Images for object localization:
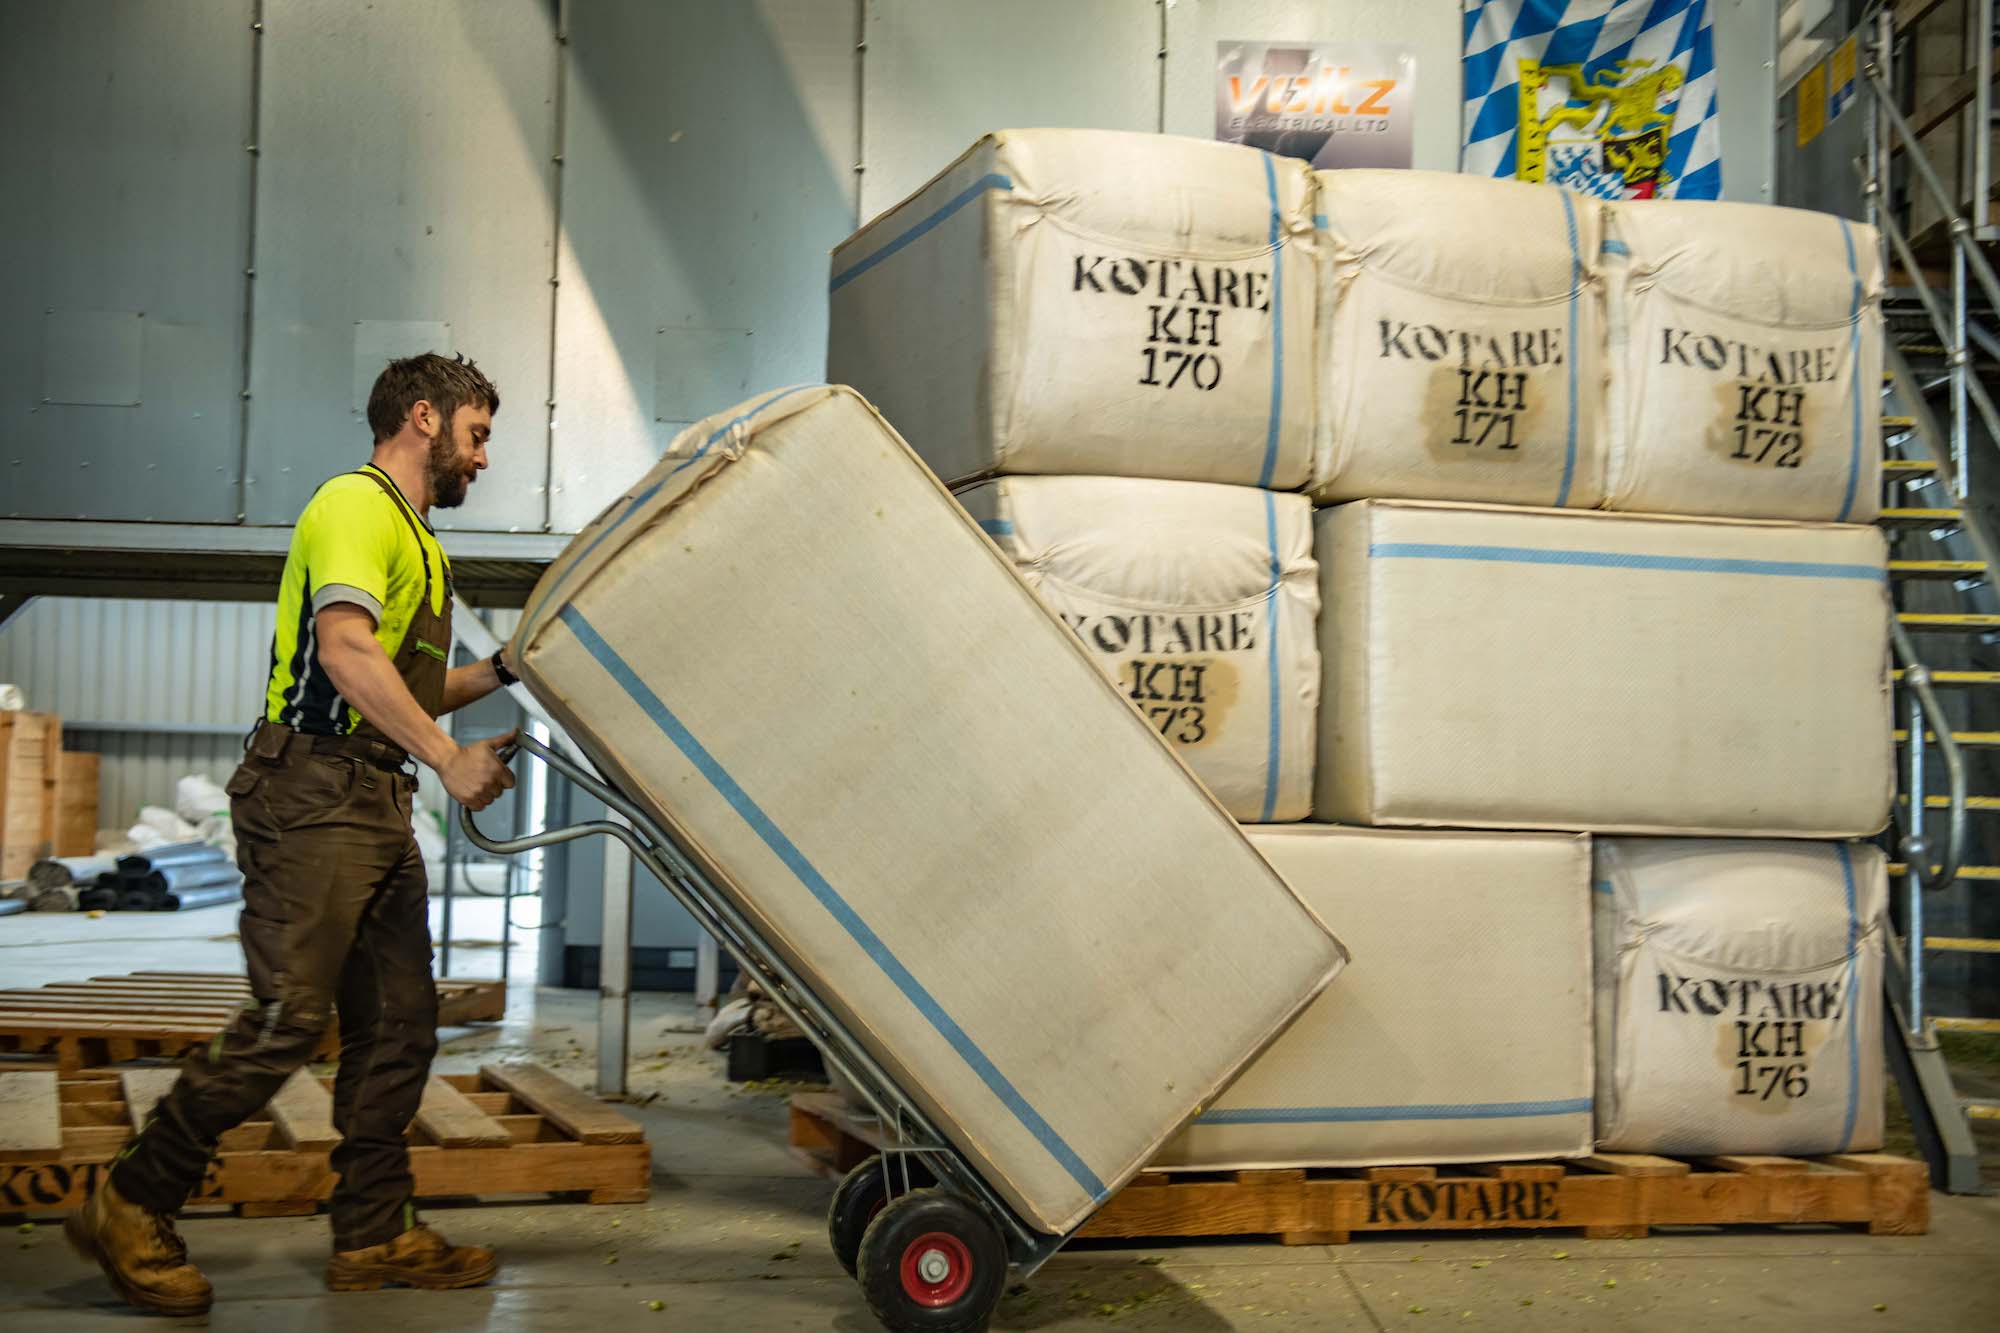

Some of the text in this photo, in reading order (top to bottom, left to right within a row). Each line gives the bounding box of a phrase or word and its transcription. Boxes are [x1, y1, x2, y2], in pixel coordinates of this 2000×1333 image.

[1230, 117, 1390, 132] ELECTRICAL LTD
[1072, 255, 1270, 313] KOTARE
[1147, 305, 1221, 346] KH
[1379, 319, 1563, 368] KOTARE
[1138, 348, 1221, 391] 170
[1660, 328, 1838, 385] KOTARE
[1457, 368, 1528, 410] KH
[1735, 384, 1806, 426] KH
[1451, 408, 1519, 450] 171
[1730, 424, 1804, 468] 172
[1129, 660, 1207, 703] KH
[1137, 703, 1206, 743] 73
[1657, 971, 1842, 1020] KOTARE
[1735, 1020, 1806, 1057] KH
[1735, 1060, 1808, 1100] 176
[1367, 1181, 1560, 1223] KOTARE
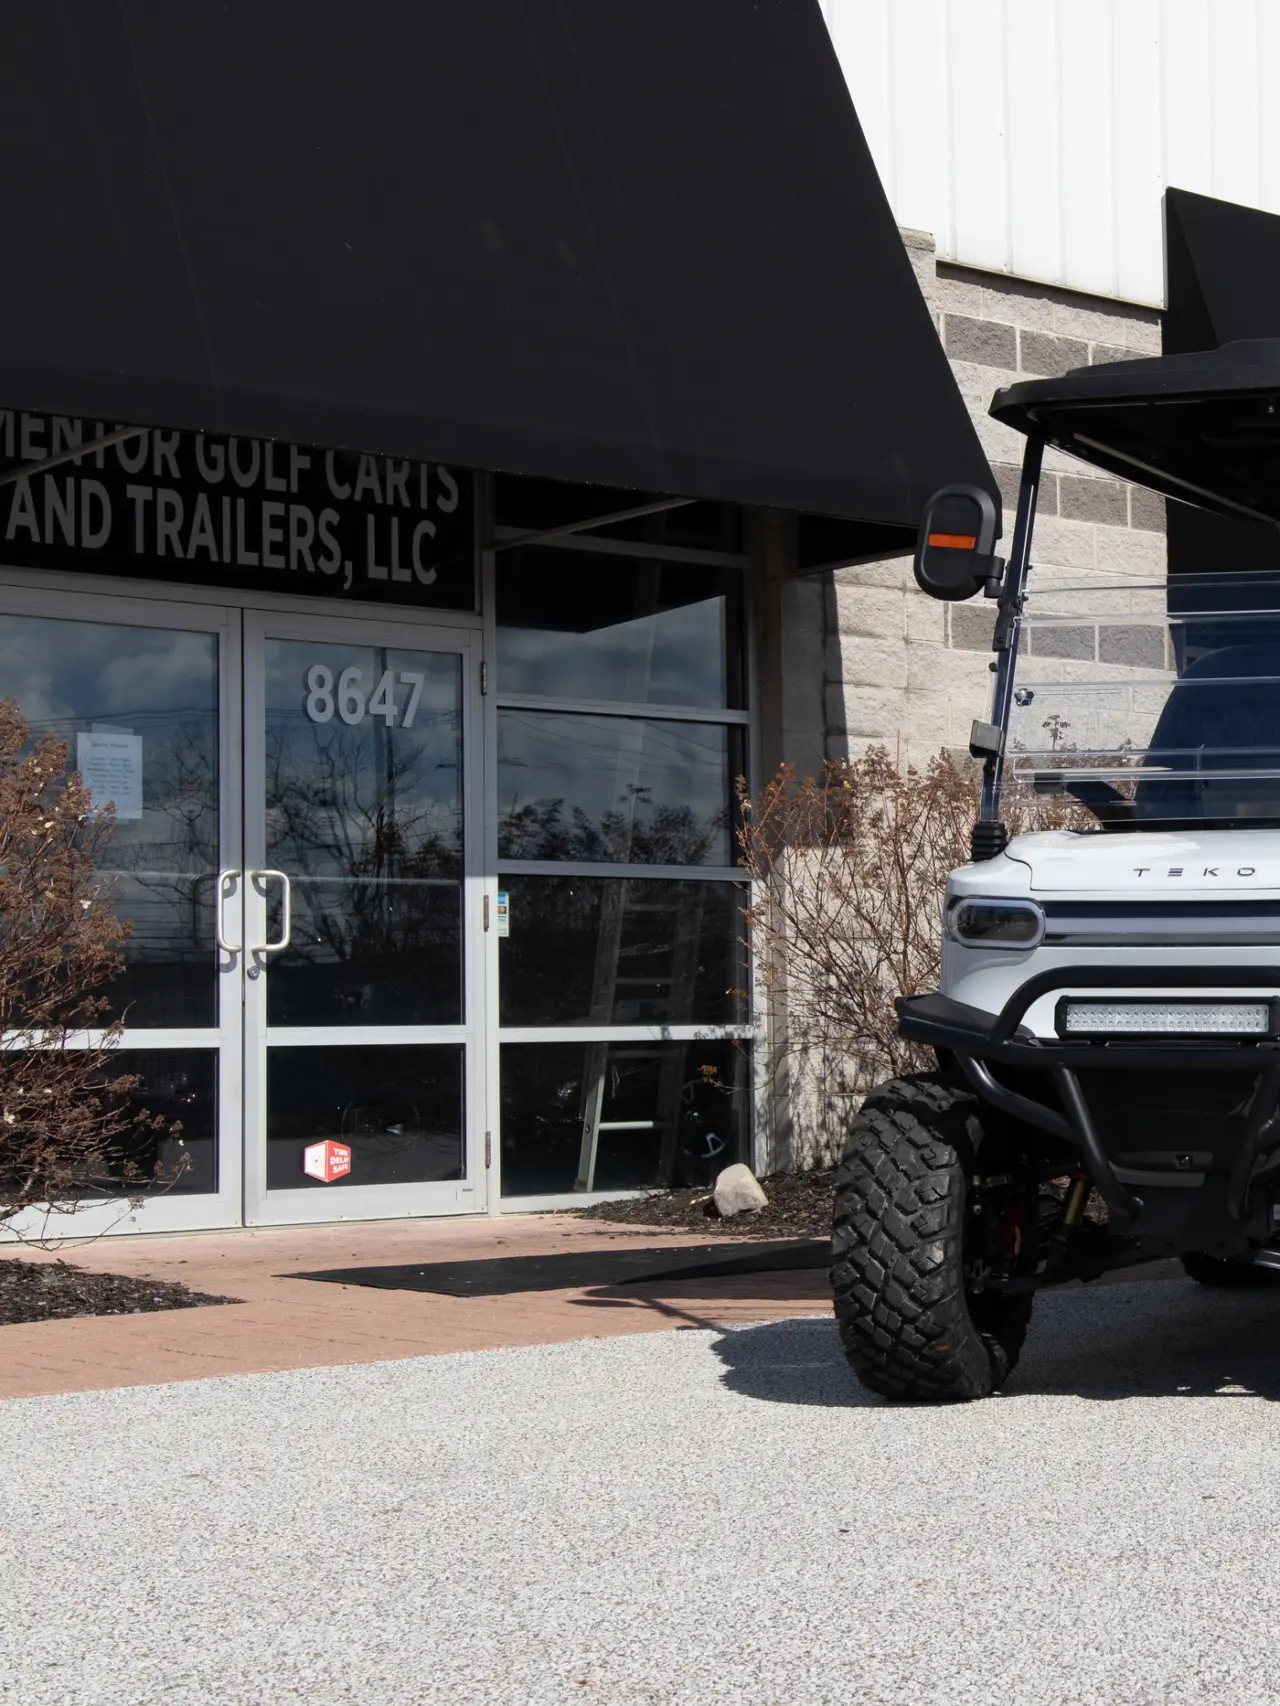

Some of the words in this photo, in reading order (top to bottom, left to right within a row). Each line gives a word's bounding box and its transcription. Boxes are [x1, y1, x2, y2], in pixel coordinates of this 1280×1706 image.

[195, 433, 311, 494] GOLF
[6, 472, 112, 549] AND
[126, 484, 353, 590] TRAILERS,
[366, 513, 438, 585] LLC
[306, 664, 425, 728] 8647
[1132, 867, 1256, 878] TEKO

**Instructions for the task:**
The lines from the one holding "Some of the words" to the final line of the entries, both included, are what should be output, exactly and alone.

**Output of the task:**
Some of the words in this photo, in reading order (top to bottom, left to right within a row). Each line gives a word's bounding box and its transcription. Boxes are [x1, y1, x2, y2], in pixel coordinates of this 1280×1706 image.

[195, 433, 311, 494] GOLF
[6, 472, 112, 549] AND
[126, 484, 353, 590] TRAILERS,
[366, 513, 438, 585] LLC
[306, 664, 425, 728] 8647
[1132, 867, 1256, 878] TEKO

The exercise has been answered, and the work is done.